In the chapter on mortgage intermediaries that I share with lawyer Cristina Borrallo of the book edited by Bosch ‘ Comments on the Regulatory Law of Real Estate Credit Contracts ‘, collective work coordinated by Dr. José María López Jiménez , openly criticized the myopia of the legislator when regulating mortgage advice.

A book on Law 5/2019, of March 15, regulator of real estate credit contracts that I recommend reading to all mortgaged and potential borrowers who want to know their rights and duties in depth, and professionals who decide to be experts at work Law 5/2019 considers the intermediation service different from that of advice. I do not conceive a quality mortgage intermediation without advice, moreover, a mortgage intermediary that does not advise is more a mortgage comparator than a mortgage professional.

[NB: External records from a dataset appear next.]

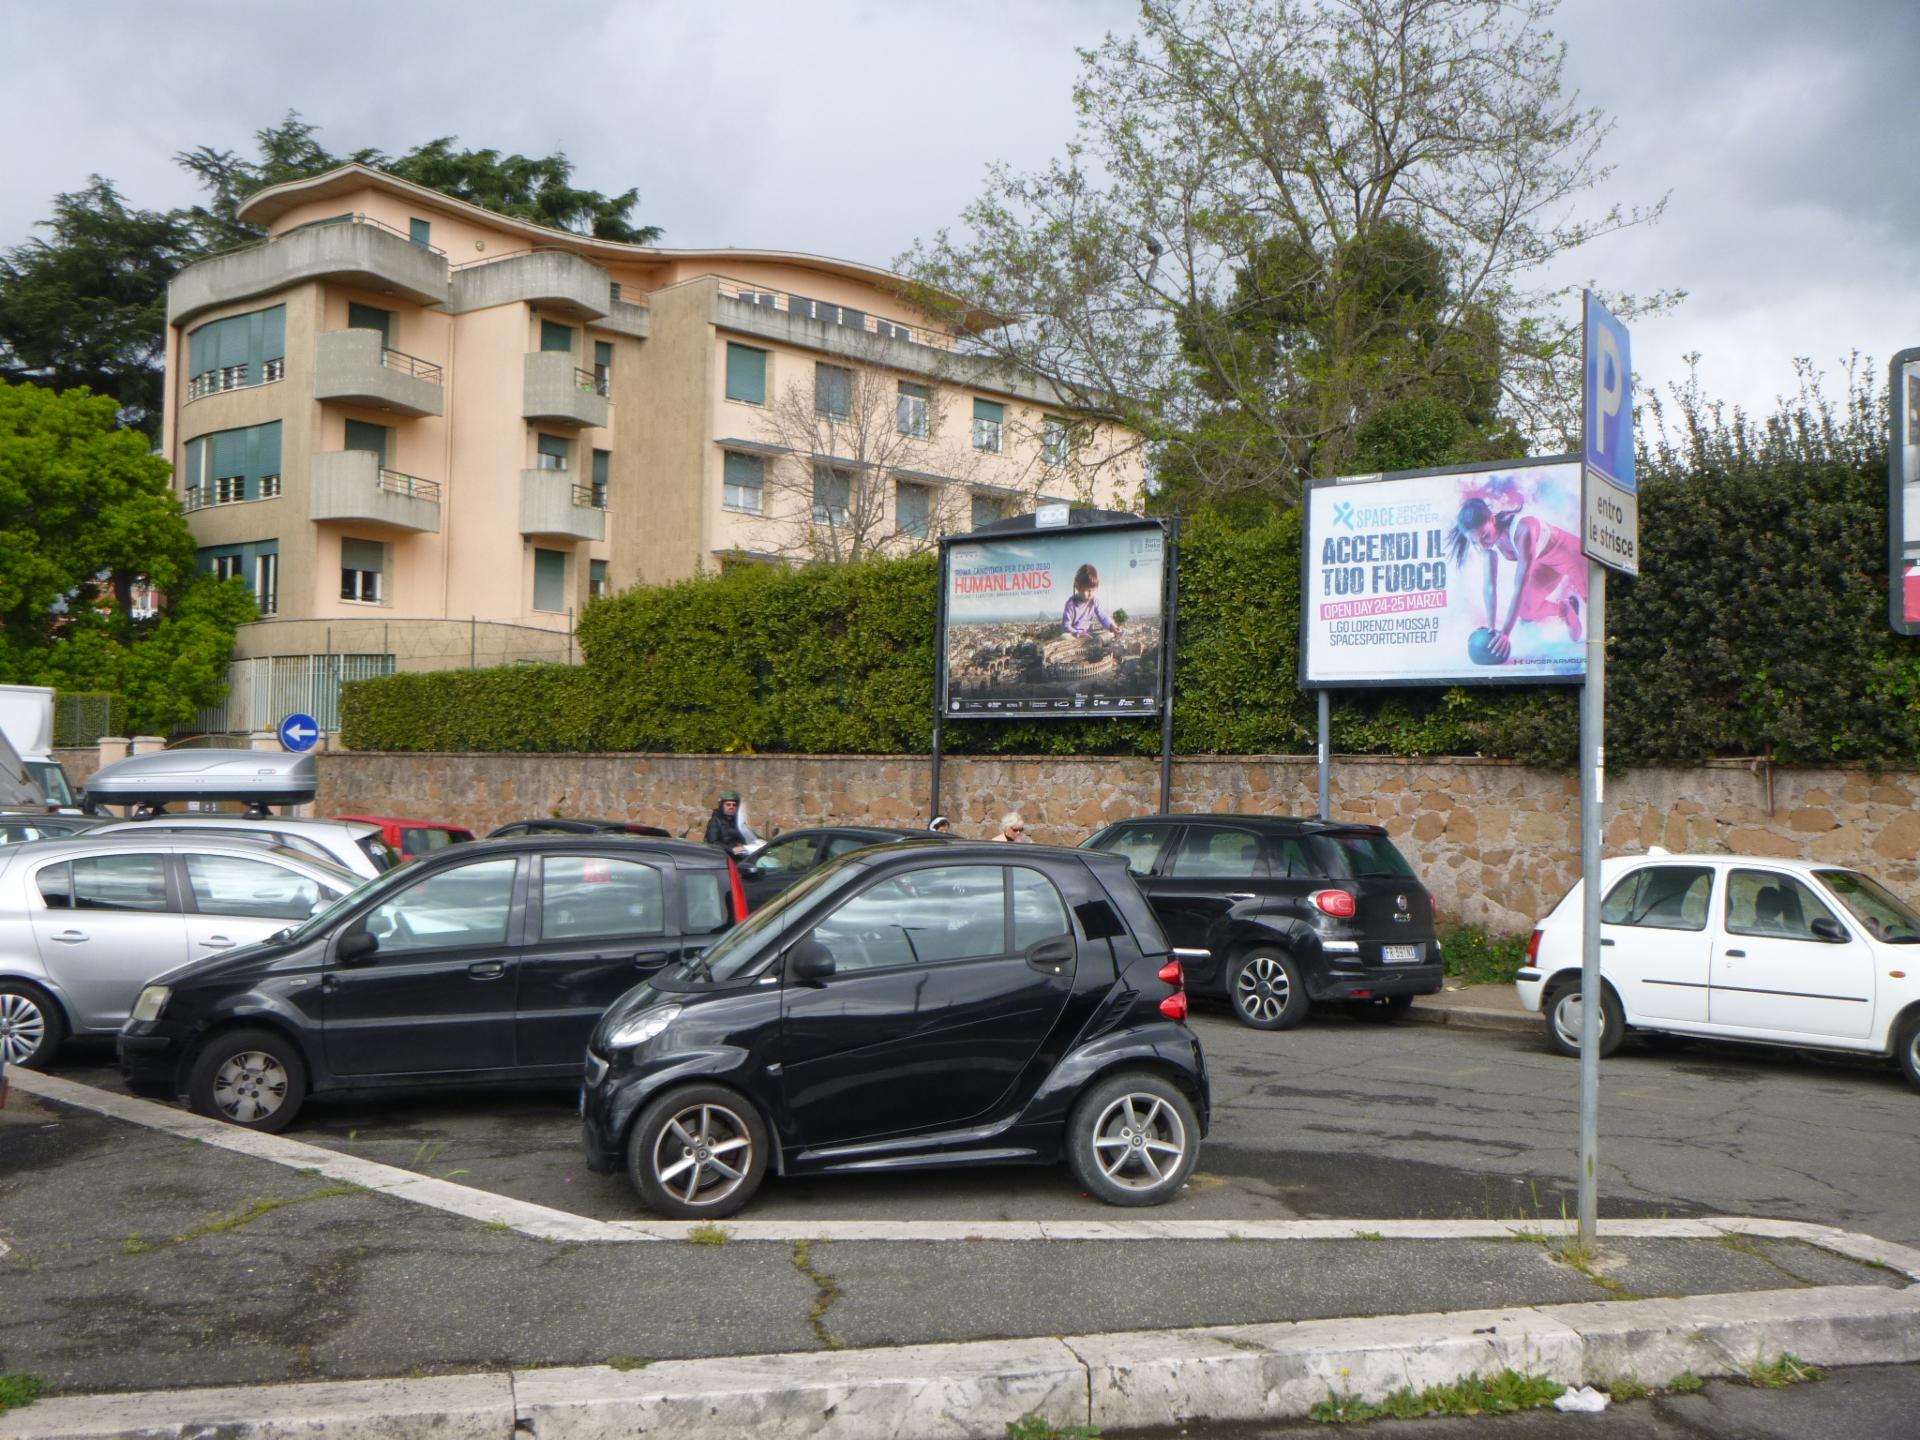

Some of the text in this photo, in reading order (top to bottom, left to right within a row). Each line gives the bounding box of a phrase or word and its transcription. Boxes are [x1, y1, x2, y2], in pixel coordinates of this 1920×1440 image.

[1597, 320, 1622, 454] P
[1356, 507, 1395, 528] SPACE
[1397, 504, 1433, 515] SPORT
[1397, 513, 1440, 525] CENTER
[1597, 496, 1623, 524] entro
[1322, 529, 1446, 565] ACCENDI IL
[1589, 515, 1633, 558] le strisce
[954, 570, 1052, 594] HUMANLANDS
[1322, 561, 1447, 596] TUO FUOCO
[1324, 592, 1443, 619] OPEN DAY 24-25 MARZO
[1329, 617, 1439, 633] L.GO LORENZO MOSSA 8
[1329, 630, 1438, 646] SPACESPORTCENTER.IT

Advice on real estate loans

Article 19 of Law 5/2019 regulates advice related to real estate loans. The first thing it does is limit the provision of the advisory service to real estate lenders, real estate credit intermediaries or their designated representatives. What is supposed to leave out other professionals, whether lawyers or economists specialized in the mortgage sector. However, the rule adds that these services may be provided by the persons referred to in article 26.3 (persons who offer mortgage counseling “as an accessory within the framework of a professional activity regulated by legal or regulatory provisions that do not exclude the provision of such activities or services, and provided that the credit intermediation activity, without constituting its main activity, is intimately related to the provision of the main contract between the professional and the borrower »), as well as persons who, without being part of the categories already mentioned, they provide advisory services, provided that they have been recognized by the competent authorities and are subject to their supervision in accordance with the requirements established in this Law for real estate credit intermediaries.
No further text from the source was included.